Test Suite 'mlx-swift-lmPackageTests.xctest' started at 2026-04-15 11:32:48.538.
Test Suite 'Gemma3nAudioTests' started at 2026-04-15 11:32:48.538.
Test Case '-[MLXLMTests.Gemma3nAudioTests testAudioConfigDecoding]' started.
Test Case '-[MLXLMTests.Gemma3nAudioTests testAudioConfigDecoding]' passed (0.001 seconds).
Test Case '-[MLXLMTests.Gemma3nAudioTests testAudioEncoderShapes]' started.
Test Case '-[MLXLMTests.Gemma3nAudioTests testAudioEncoderShapes]' passed (0.054 seconds).
Test Case '-[MLXLMTests.Gemma3nAudioTests testMultimodalConfigDecoding]' started.
Test Case '-[MLXLMTests.Gemma3nAudioTests testMultimodalConfigDecoding]' passed (0.000 seconds).
Test Suite 'Gemma3nAudioTests' passed at 2026-04-15 11:32:48.593.
	 Executed 3 tests, with 0 failures (0 unexpected) in 0.055 (0.055) seconds
Test Suite 'mlx-swift-lmPackageTests.xctest' passed at 2026-04-15 11:32:48.593.
	 Executed 3 tests, with 0 failures (0 unexpected) in 0.055 (0.055) seconds
Test Suite 'Selected tests' passed at 2026-04-15 11:32:48.593.
	 Executed 3 tests, with 0 failures (0 unexpected) in 0.055 (0.056) seconds
Audio encoder output shape: [1, 3, 1536]
Audio encoder mask shape: [1, 3]
◇ Test run started.
↳ Testing Library Version: 1501Target Platform: arm64e-apple-macos14.0Test run with 0 tests in 0 suites passed after 0.001 seconds.

iphone 17 pro max results: 15.8s audio → 99 tokens in 0.48s (Apple Neural Engine)

Note: The processor includes a stub for mel spectrogram preprocessing.
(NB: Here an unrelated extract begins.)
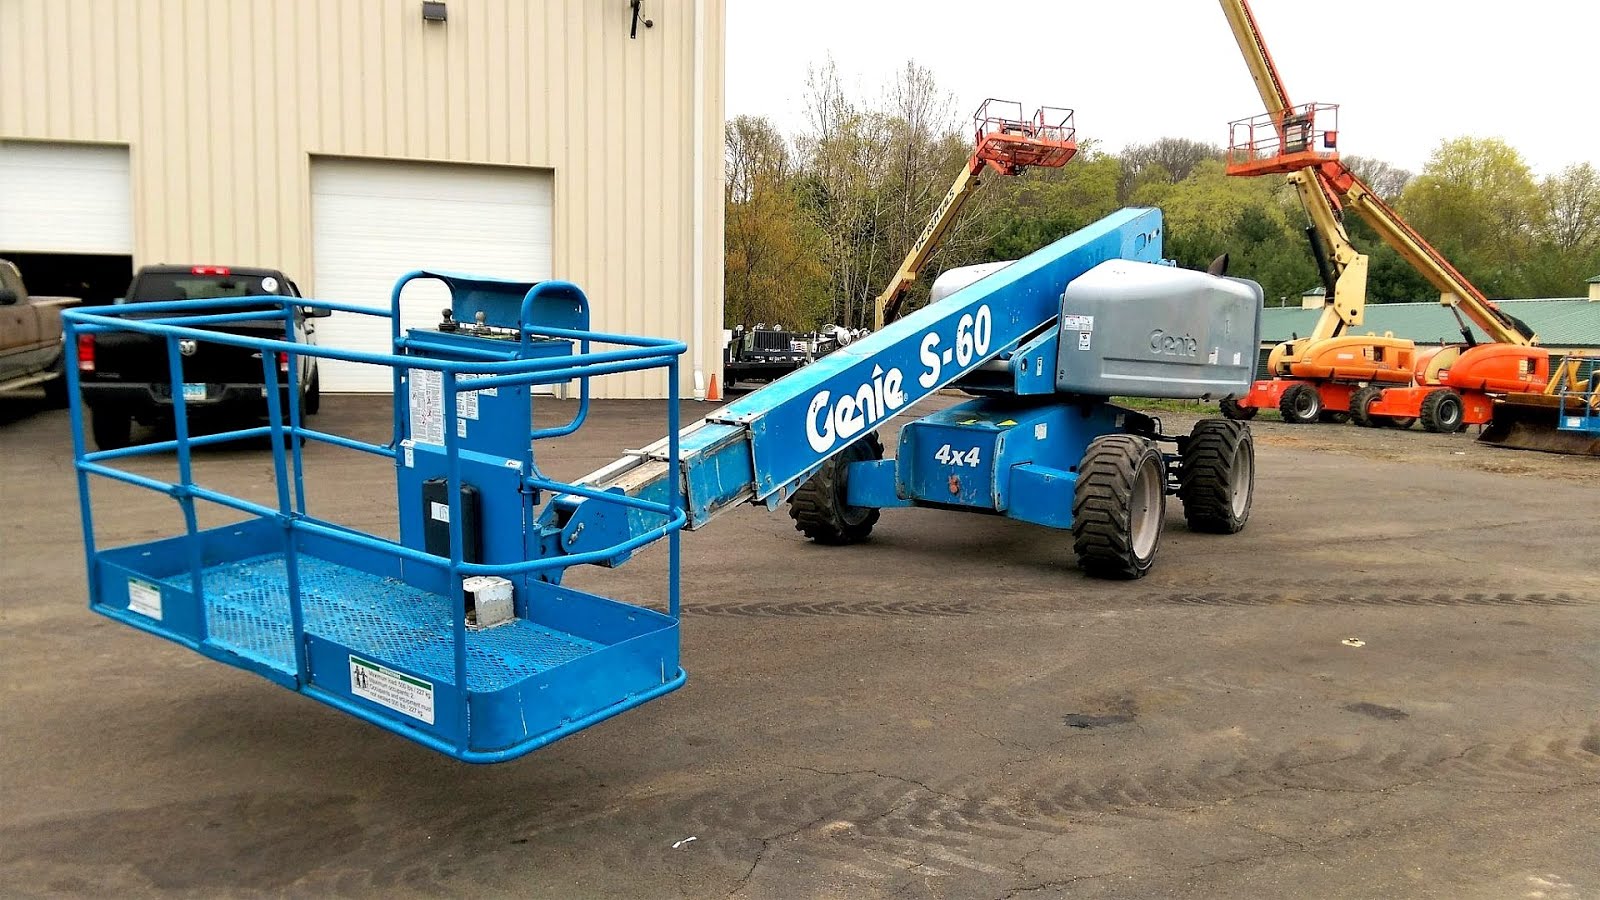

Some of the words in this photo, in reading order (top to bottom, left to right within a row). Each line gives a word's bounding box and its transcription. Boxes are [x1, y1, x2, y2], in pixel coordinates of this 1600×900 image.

[1149, 328, 1197, 357] Genie
[806, 364, 904, 453] Genie
[919, 304, 992, 389] S-60
[935, 444, 980, 468] 4x4
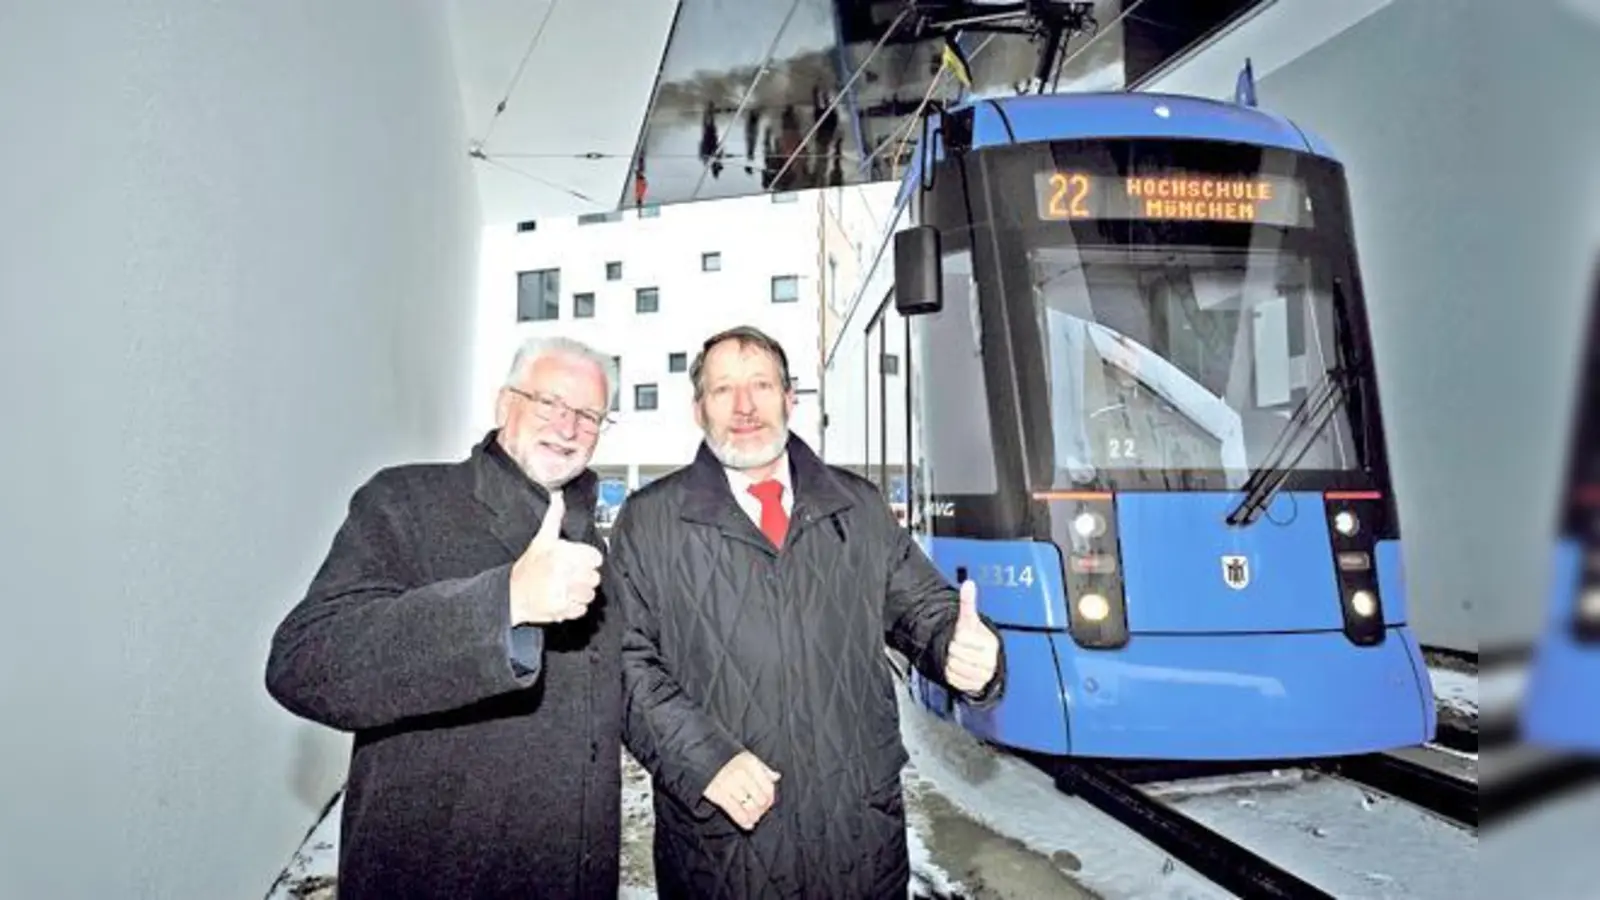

A follow up PR can add the full audio processor pipeline (WAV → mel → encoder). The encoder itself is complete and tested.

Checklist

  • I have read the CONTRIBUTING document
  • I have run pre-commit run --all-files to format my code / installed pre-commit prior to committing changes
  • I have added tests that prove my fix is effective or that my feature works
  • I have updated the necessary documentation (if needed)

Copy link
Copy Markdown
Author

@vahsaechao vahsaechao left a comment

Choose a reason for hiding this comment

The reason will be displayed to describe this comment to others. Learn more.

Audio modality in mlx-swift-lm. The Conformer encoder is fully ported and tested on iphone 17 pro max.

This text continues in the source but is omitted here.